Researchers found that aerobics is better for them than lifting weights when it comes to attacking dangerous liver fat and improving insulin sensitivity, the release states.
Those are important effects when you consider that obesity leads to diseases like metabolic syndrome, non-alcoholic fatty liver disease and type 2 diabetes – all of which were once considered adult health conditions.
The information comes at a critical time. Obesity has more than doubled in children and tripled in adolescents nationwide in the past 30 years, according to statistics from the Centers for Disease Control and Prevention.
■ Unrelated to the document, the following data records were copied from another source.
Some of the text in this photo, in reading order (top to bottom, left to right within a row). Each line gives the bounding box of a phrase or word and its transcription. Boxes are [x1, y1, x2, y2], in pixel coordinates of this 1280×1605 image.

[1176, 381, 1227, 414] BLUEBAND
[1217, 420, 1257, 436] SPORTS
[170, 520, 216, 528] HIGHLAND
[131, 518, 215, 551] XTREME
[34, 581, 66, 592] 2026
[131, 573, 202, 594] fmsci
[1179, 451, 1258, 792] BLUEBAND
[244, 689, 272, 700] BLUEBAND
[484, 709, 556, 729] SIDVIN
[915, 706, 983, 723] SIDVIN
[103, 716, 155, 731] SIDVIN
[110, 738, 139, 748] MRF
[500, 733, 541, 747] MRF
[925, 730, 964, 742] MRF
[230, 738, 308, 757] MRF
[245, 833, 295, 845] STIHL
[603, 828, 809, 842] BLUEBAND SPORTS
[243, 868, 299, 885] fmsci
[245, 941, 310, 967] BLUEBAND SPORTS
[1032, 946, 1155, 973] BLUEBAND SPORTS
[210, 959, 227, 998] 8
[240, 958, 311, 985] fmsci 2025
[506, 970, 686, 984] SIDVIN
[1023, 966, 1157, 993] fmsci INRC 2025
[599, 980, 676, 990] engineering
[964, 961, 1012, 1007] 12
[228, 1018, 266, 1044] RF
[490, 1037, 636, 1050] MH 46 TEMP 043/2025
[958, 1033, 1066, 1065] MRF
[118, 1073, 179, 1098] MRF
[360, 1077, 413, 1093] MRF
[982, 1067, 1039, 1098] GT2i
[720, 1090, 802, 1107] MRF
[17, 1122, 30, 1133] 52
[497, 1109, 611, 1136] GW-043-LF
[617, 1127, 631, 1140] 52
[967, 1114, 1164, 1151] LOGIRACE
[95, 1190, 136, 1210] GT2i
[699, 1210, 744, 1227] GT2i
For the study, published in the American Journal of Physiology-Endocrinology and Metabolism, researchers followed 44 obese girls between the ages of 12 and 18. They found that the girls who did aerobics and resistance training both lost fat compared to those who did not work out at all. However, the group that only did aerobics – in 60-minute sessions on a treadmill or elliptical trainer, three times a week for three months – lost visceral and liver fat and improved their insulin sensitivity while the other groups did not.
“These findings suggest that for teen girls, aerobic exercise might be superior to resistance exercise for cutting health risks associated with obesity,” the news release states. “They also note that, anecdotally, girls in the aerobic exercise group seemed to enjoy their workouts more than those in the resistance exercise group.”